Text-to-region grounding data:
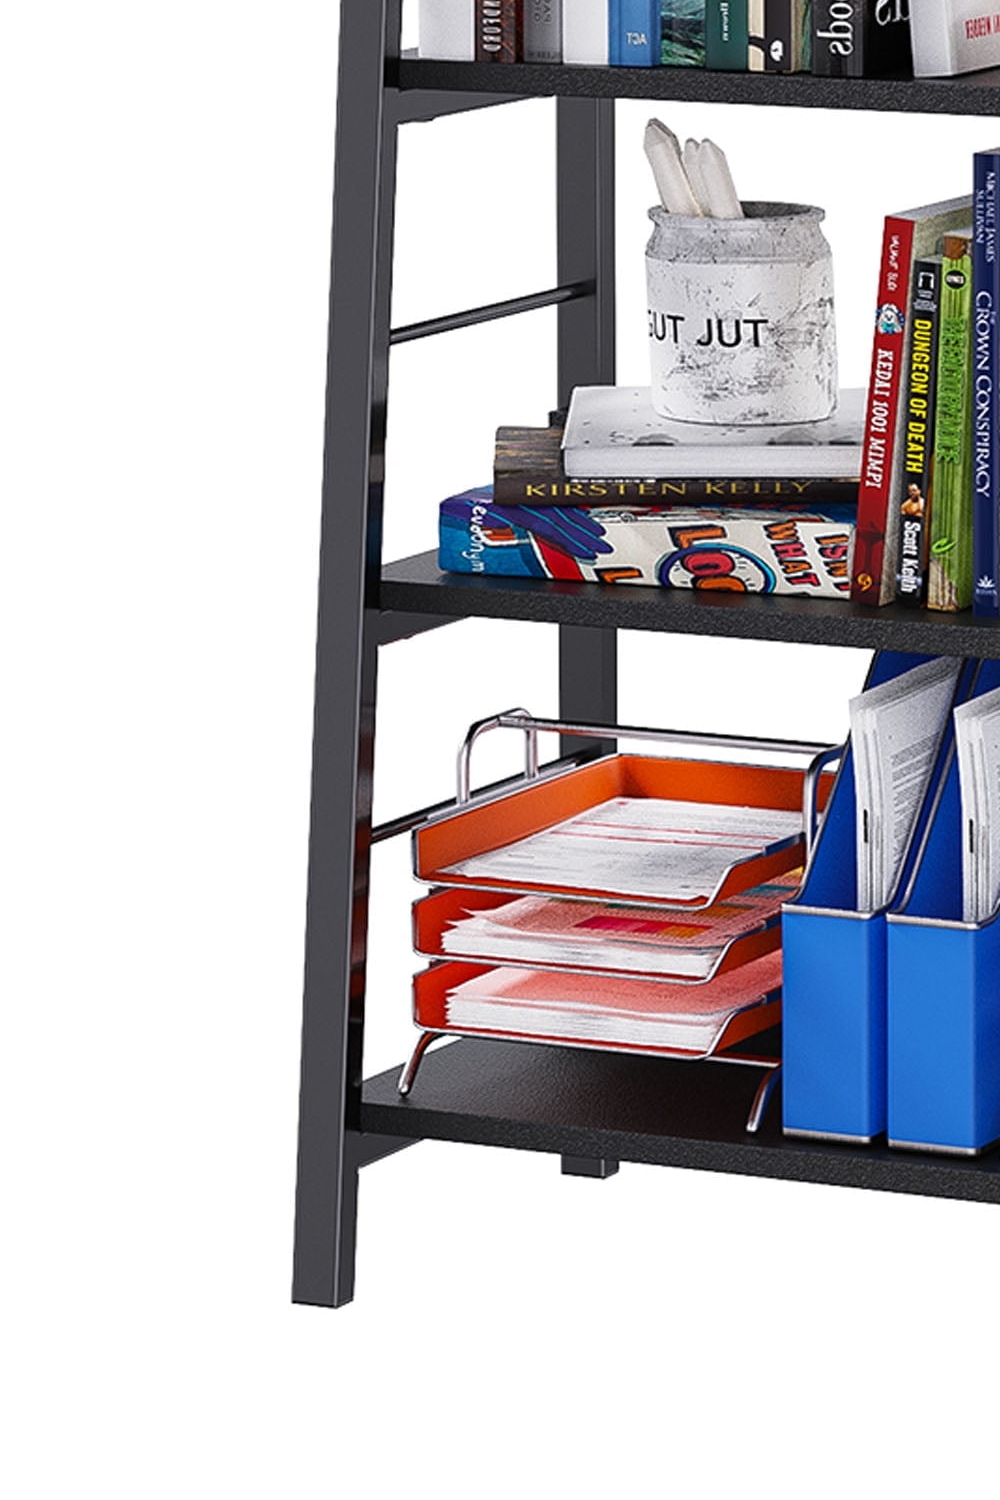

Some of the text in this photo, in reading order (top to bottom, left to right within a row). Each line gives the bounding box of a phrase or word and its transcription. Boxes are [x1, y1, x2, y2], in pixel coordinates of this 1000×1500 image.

[696, 318, 769, 348] JUT
[909, 319, 932, 394] DUNGEON
[864, 348, 893, 488] KEDAI 1001 MIMPI
[908, 398, 926, 417] OF
[974, 291, 992, 499] CROWN CONSPIRACY
[905, 422, 925, 474] DEATH
[526, 479, 814, 497] KIRSTEN KELLY
[763, 521, 821, 588] WHAT
[899, 521, 921, 594] Scott Keith

Action item:
Copy the entries above verbatim. Pictures do not belong in the copy.

Exercise output:
Some of the text in this photo, in reading order (top to bottom, left to right within a row). Each line gives the bounding box of a phrase or word and its transcription. Boxes are [x1, y1, x2, y2], in pixel coordinates of this 1000×1500 image.

[696, 318, 769, 348] JUT
[909, 319, 932, 394] DUNGEON
[864, 348, 893, 488] KEDAI 1001 MIMPI
[908, 398, 926, 417] OF
[974, 291, 992, 499] CROWN CONSPIRACY
[905, 422, 925, 474] DEATH
[526, 479, 814, 497] KIRSTEN KELLY
[763, 521, 821, 588] WHAT
[899, 521, 921, 594] Scott Keith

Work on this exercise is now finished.